Moment.at: Welche konkreten Maßnahmen schlagen die Pflegenden in ihrem Buch vor, um das Bewusstsein für die Pflege zu stärken?

Grabner: Pflege wird nicht gut genug in der Politik repräsentiert. Es wird deshalb eine stärkere Standesvertretung gefordert. Also eine Organisation oder Einrichtung, die die Interessen gegenüber der Politik sowie anderen Institutionen gut vertritt. Es wurde in meinen Interviews auch eine Einladung an Entscheidungsträger ausgesprochen, einfach einmal bei einem Pflegealltag vorbeizuschauen, um selbst zu sehen, wie´s wirklich läuft.
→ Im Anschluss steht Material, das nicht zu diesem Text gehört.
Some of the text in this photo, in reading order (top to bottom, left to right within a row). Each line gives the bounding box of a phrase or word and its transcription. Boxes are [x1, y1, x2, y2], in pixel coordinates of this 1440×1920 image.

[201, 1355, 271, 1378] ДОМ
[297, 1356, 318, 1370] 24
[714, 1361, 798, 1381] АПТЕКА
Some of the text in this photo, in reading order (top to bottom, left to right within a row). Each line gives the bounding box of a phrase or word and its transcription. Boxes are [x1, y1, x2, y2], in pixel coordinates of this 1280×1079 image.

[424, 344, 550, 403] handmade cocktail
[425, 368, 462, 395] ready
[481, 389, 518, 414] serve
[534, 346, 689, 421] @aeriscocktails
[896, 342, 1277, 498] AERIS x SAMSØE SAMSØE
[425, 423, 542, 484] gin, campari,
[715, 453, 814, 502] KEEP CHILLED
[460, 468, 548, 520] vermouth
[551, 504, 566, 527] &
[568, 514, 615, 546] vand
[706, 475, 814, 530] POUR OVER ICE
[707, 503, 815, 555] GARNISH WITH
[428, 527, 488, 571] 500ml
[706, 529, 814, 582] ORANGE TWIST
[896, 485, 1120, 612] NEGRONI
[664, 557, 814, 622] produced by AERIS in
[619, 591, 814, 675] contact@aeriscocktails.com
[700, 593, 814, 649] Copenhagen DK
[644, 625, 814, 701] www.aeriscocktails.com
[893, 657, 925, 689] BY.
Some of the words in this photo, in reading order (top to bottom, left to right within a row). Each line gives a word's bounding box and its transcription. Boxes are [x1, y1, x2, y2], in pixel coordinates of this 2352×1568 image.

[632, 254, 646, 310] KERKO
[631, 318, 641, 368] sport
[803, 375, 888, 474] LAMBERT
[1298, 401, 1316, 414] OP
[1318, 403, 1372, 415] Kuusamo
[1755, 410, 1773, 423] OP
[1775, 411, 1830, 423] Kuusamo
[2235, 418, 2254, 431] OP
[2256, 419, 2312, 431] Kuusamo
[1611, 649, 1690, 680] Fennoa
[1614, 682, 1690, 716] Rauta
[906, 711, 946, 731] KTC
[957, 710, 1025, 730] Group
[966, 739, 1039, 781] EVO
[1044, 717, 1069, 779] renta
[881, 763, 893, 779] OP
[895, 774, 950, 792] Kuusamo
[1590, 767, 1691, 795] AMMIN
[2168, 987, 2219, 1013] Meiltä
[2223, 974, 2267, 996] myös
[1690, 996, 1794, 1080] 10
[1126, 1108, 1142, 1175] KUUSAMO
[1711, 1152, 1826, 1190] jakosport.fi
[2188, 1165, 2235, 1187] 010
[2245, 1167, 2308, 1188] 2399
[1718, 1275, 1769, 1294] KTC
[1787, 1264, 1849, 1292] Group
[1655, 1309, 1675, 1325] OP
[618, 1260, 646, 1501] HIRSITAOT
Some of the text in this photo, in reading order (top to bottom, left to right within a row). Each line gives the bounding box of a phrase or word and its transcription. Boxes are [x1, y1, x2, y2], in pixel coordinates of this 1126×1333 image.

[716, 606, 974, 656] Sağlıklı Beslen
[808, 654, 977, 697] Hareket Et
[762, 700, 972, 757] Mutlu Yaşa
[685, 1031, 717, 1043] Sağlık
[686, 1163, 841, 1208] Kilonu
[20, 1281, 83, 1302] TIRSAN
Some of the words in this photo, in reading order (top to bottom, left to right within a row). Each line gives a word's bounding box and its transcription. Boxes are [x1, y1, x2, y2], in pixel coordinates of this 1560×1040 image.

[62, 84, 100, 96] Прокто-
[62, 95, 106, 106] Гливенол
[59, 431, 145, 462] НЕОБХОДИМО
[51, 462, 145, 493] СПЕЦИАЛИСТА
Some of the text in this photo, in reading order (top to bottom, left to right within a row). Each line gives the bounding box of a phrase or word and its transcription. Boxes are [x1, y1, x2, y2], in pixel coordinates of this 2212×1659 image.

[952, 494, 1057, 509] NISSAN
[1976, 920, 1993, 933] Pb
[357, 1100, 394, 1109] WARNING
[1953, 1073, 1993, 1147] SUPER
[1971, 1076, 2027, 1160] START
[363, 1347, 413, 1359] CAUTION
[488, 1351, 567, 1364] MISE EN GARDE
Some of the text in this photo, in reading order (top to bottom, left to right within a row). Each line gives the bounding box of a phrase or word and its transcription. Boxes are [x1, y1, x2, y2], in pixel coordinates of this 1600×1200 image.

Viele wünschen sich mehr Aufmerksamkeit aus der Wissenschaft für den Pflegeberuf. Es fehlen Forschungen, Studien, Zahlen und Daten, die aber zu einer verbesserten Reflexion innerhalb der Pflege führen würden. Außerdem würde es auch dazu beitragen, die Fachkompetenz der Pflegenden effektiver nach außen zu kommunizieren und sichtbarer zu machen. 
Es kommt aber grundsätzlich viel zu selten vor, dass Pfleger:innen gefragt werden, was sie tun und warum sie es tun. Das habe ich an der Dankbarkeit über die Anfragen zu diesem Buch gemerkt.

Moment.at: Wie kann man die emotionale Dimension in der Pflege objektiver messen, um sie für Qualitätskontrolle und Forschung besser erfassbar zu machen?

Grabner: In der Pflege geht es viel um Emotionen und um das Zwischenmenschliche, aber Pflege ist sehr gut messbar und das war auch vielen meiner Interviewpartner:innen wichtig zu betonen. Wenn auf Stationen keine Lungenentzündungen, Wundliege-Geschwüre und Stürze vorkommen, sind das Indikatoren für qualitativ hochwertige Pflege, so eine Expertin im Buch. Diese Daten können dazu beitragen, die Effektivität von Pflegepraktiken besser zu bewerten.
 
Moment.at: Welchen Fokus haben Sie noch zum Abschluss in Ihrem Buch gesetzt? 
 
Grabner:
In Österreich muss dringend die Fremdenfeindlichkeit abgebaut werden. Wir brauchen so viele Pflegekräfte, dass der Mangel ohne Unterstützung aus dem Ausland nicht zu bewältigen ist. Im Buch sprechen sich Expert:innen vor allem für bundeseinheitliche Regelungen für die Nostrifizierung, kostenfreie Anerkennungsverfahren und eine klare Unterstützung in der Einstiegsphase aus. 

                                       
2022 arbeiten 58.716 Personen in der selbständigen Personenbetreuung in Österreich. Nur 1.141 davon waren österreichische Staatsbürger:innen.